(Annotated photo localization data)
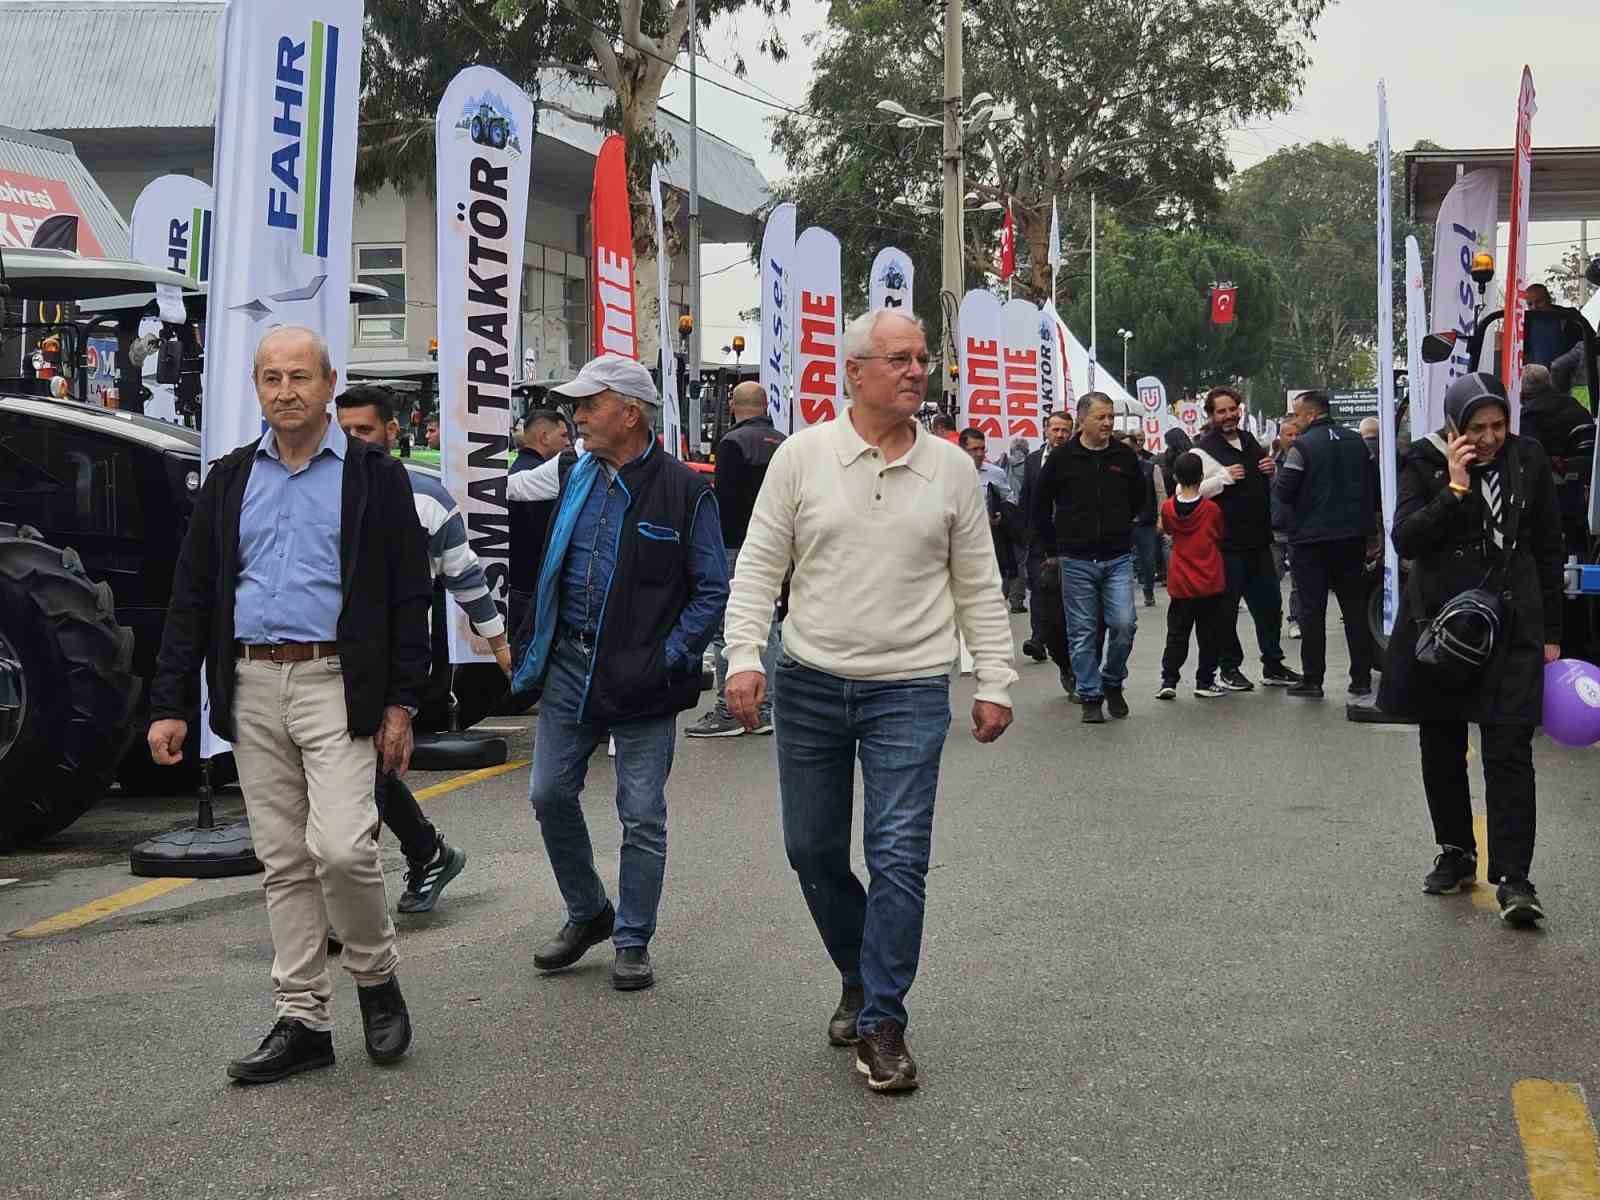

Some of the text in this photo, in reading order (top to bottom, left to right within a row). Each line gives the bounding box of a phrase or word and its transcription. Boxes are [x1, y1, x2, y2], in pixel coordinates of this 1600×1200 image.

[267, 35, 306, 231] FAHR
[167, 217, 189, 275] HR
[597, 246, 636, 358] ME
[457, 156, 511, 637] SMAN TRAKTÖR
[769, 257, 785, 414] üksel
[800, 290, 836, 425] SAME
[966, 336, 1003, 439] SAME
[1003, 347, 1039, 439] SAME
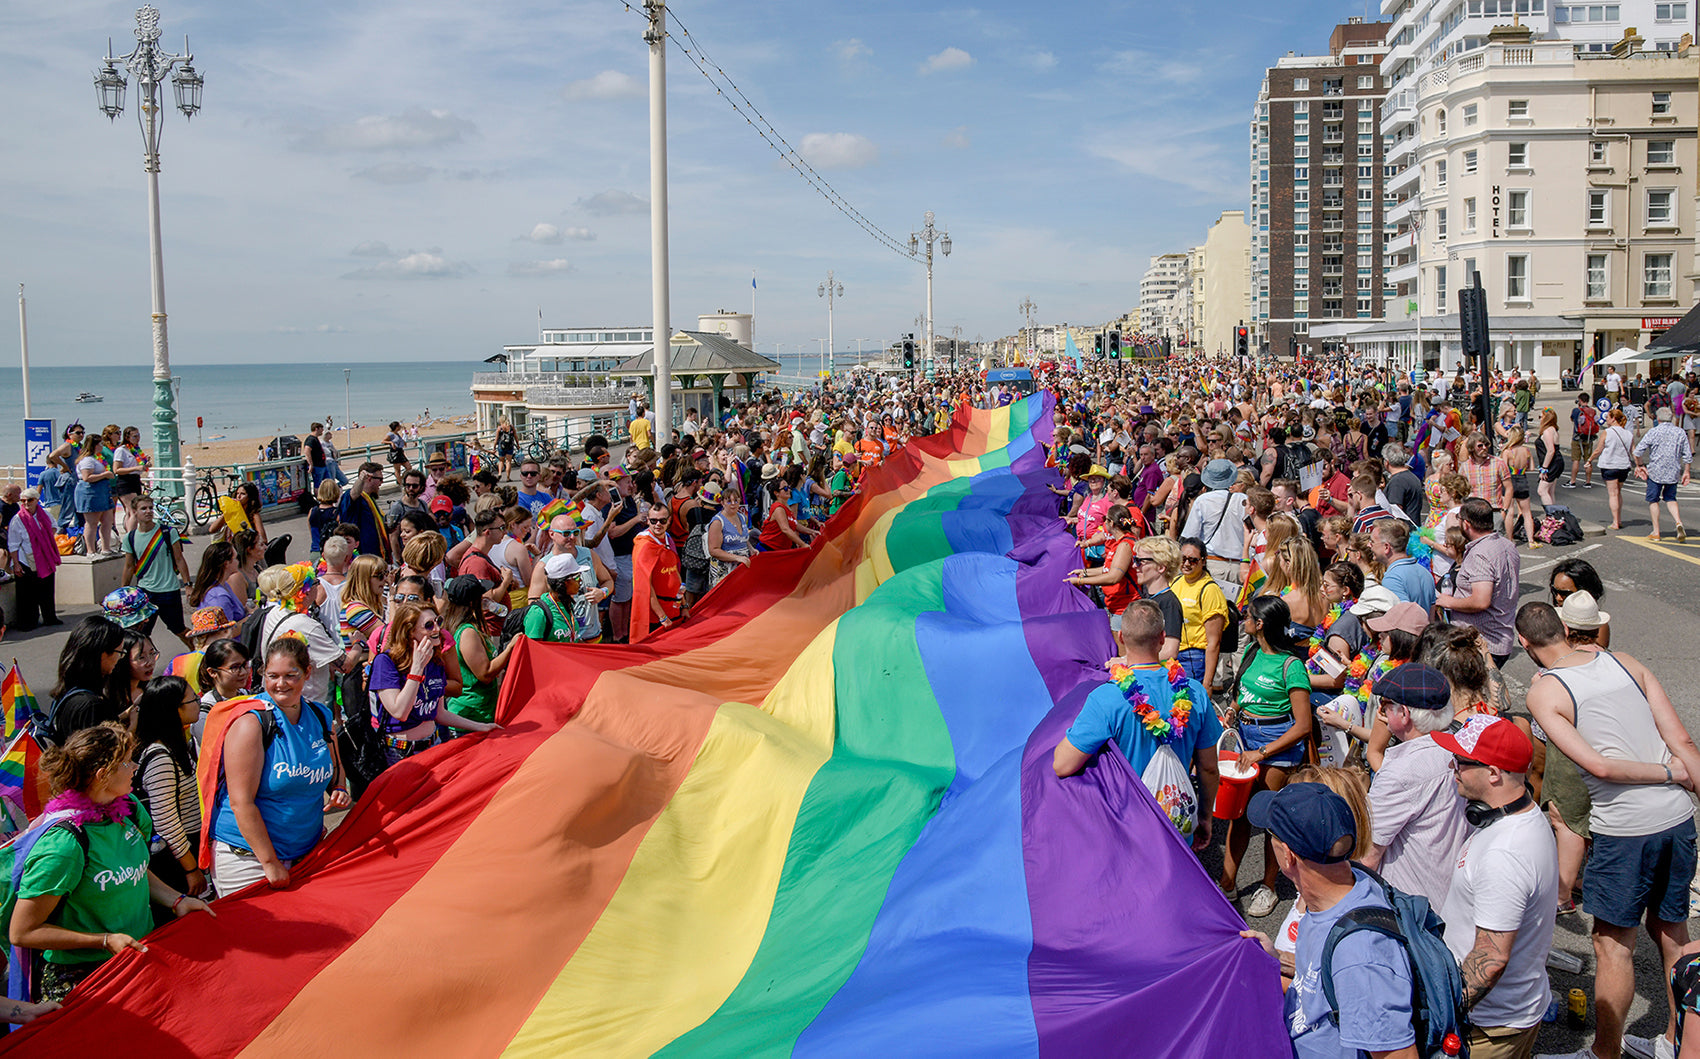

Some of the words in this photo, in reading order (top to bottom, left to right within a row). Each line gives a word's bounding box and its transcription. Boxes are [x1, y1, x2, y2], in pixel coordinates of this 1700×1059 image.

→ EXERCISE AIM:
Print all the entries again exactly as written, but without the pictures.

→ RESULT OF THE TASK:
Some of the text in this photo, in reading order (top to bottom, left to right within a row). Each line gives the bounding box of a phrase or word and its transcription. Boxes are [x1, y1, x2, y2], in pixel coordinates of this 1600×1200 image.

[267, 35, 306, 231] FAHR
[167, 217, 189, 275] HR
[597, 246, 636, 358] ME
[457, 156, 511, 637] SMAN TRAKTÖR
[769, 257, 785, 414] üksel
[800, 290, 836, 425] SAME
[966, 336, 1003, 439] SAME
[1003, 347, 1039, 439] SAME

Some of the words in this photo, in reading order (top to bottom, left to right within a row). Each line gives a word's bounding box and its transcription. Boxes are [x1, y1, x2, y2], in pixel coordinates of this 1700×1059 image.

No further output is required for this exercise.